Тео несколько секунд молчал. Потом спросил:
— В некрологе сказано, отчего я умер? — На мгновение он почувствовал даже что-то вроде радости из-за того, что новость о его смерти попала на страницы международных газет. Он чуть было не спросил, не было ли в газете сказано, что он лауреат Нобелевской премии. — Может быть, нужно проверить холестерин. Я умру не от инфаркта?
Кэтлин несколько секунд молчала.
— Гмм… Доктор Прокопидес, простите, но, видимо, мне нужно было выражаться точнее. Я прочла не некролог. Это было сообщение… — Она запнулась и судорожно сглотнула: — Сообщение о вашем убийстве.

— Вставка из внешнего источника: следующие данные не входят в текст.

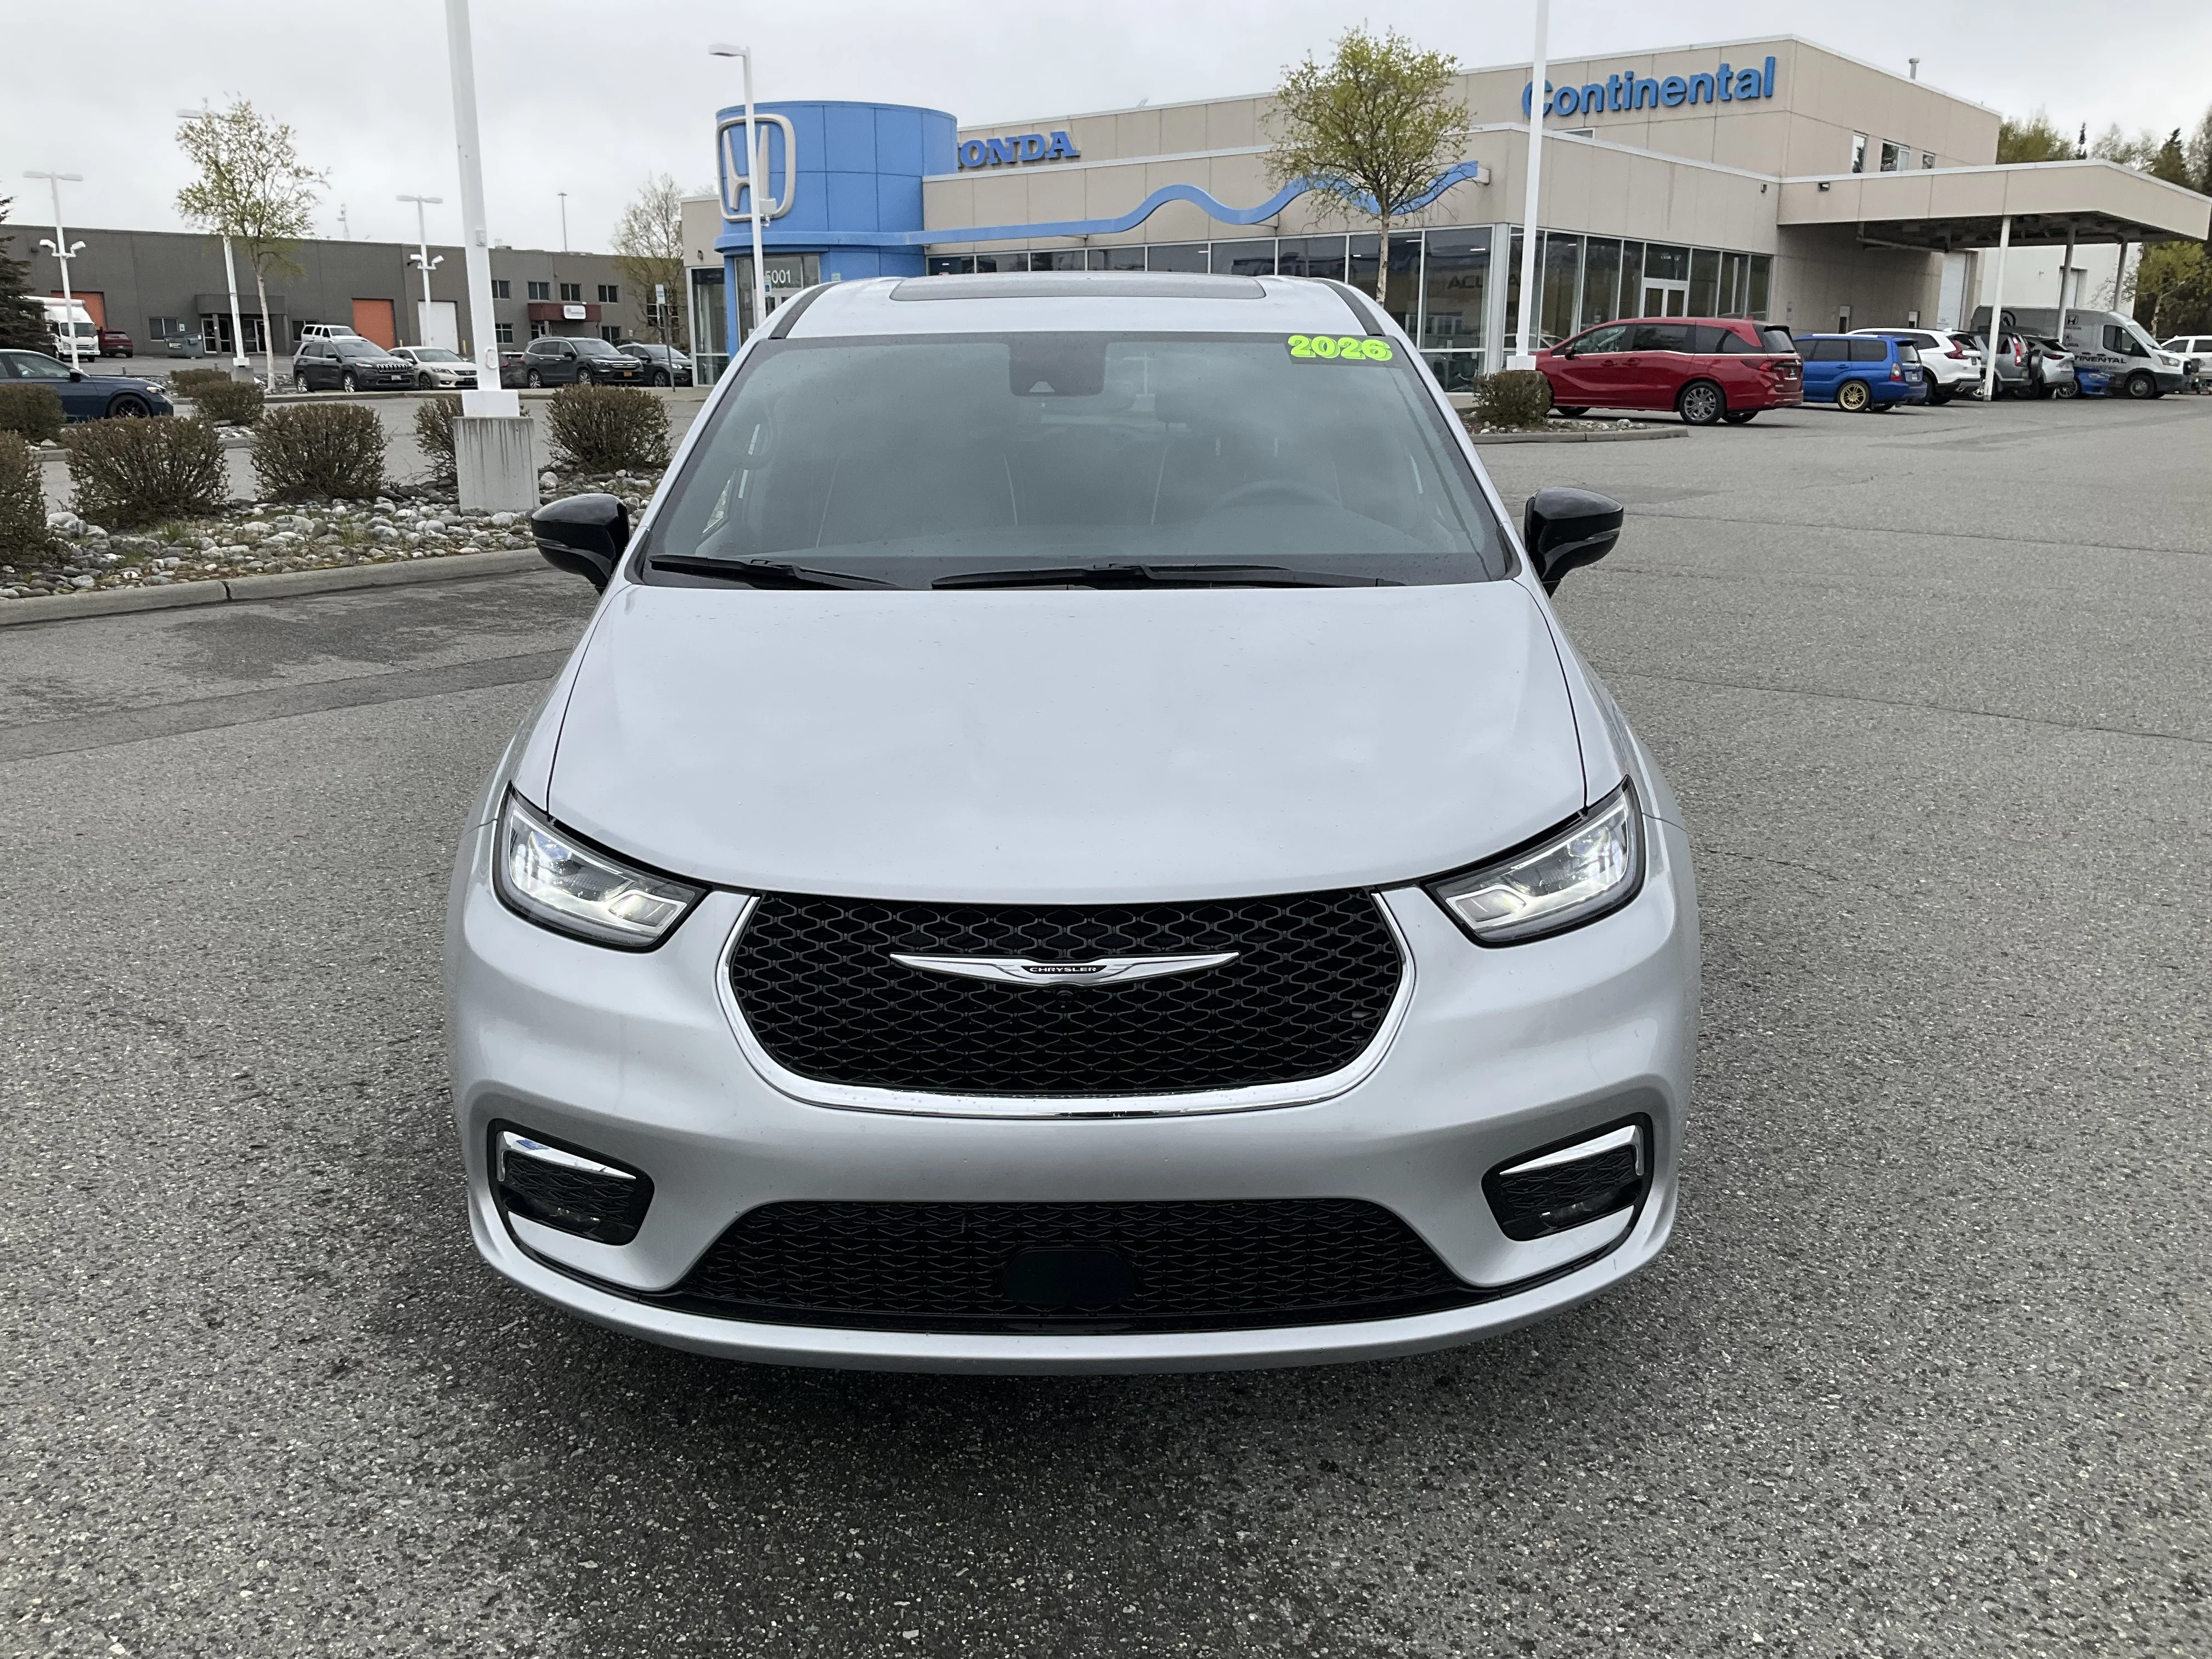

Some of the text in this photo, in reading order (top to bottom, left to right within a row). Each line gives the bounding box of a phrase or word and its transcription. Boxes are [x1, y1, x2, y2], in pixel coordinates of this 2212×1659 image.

[1522, 56, 1775, 117] Continental
[957, 131, 1081, 167] ONDA
[1447, 274, 1521, 289] ACA
[1288, 335, 1392, 362] 2026
[2074, 355, 2127, 364] TINENTAL

Тео не в силах был вымолвить ни слова. Он мог бы переспросить, но какой смысл? Ему было двадцать семь, на здоровье он не жаловался. Он и сам несколько минут назад думал о том, что, по идее, не должен был умереть от какой-нибудь болезни всего через двадцать один год. Но… убийство?
— Доктор Прокопидес? Вы меня слышите?
— Да. — Пока слышал.
— Я… Мне очень жаль, доктор Прокопидес. Представляю, как вы потрясены.
Тео еще несколько секунд молчал. Наконец он обрел дар речи:
— А в этой статье, которую вы читали, было сказано, кто меня убил?
— Боюсь, нет. По всей видимости, это нераскрытое преступление.
— Ну а о чем же говорилось в этой статье?
— Я записала по памяти. Могу послать вам электронной почтой, но, думаю, будет лучше, если я вам прочту. Только поймите, это моя запись. За каждое слово не ручаюсь, но все же я записала достаточно точно. — Она помедлила, кашлянула и продолжила: — Заголовок был такой: «Застрелен физик».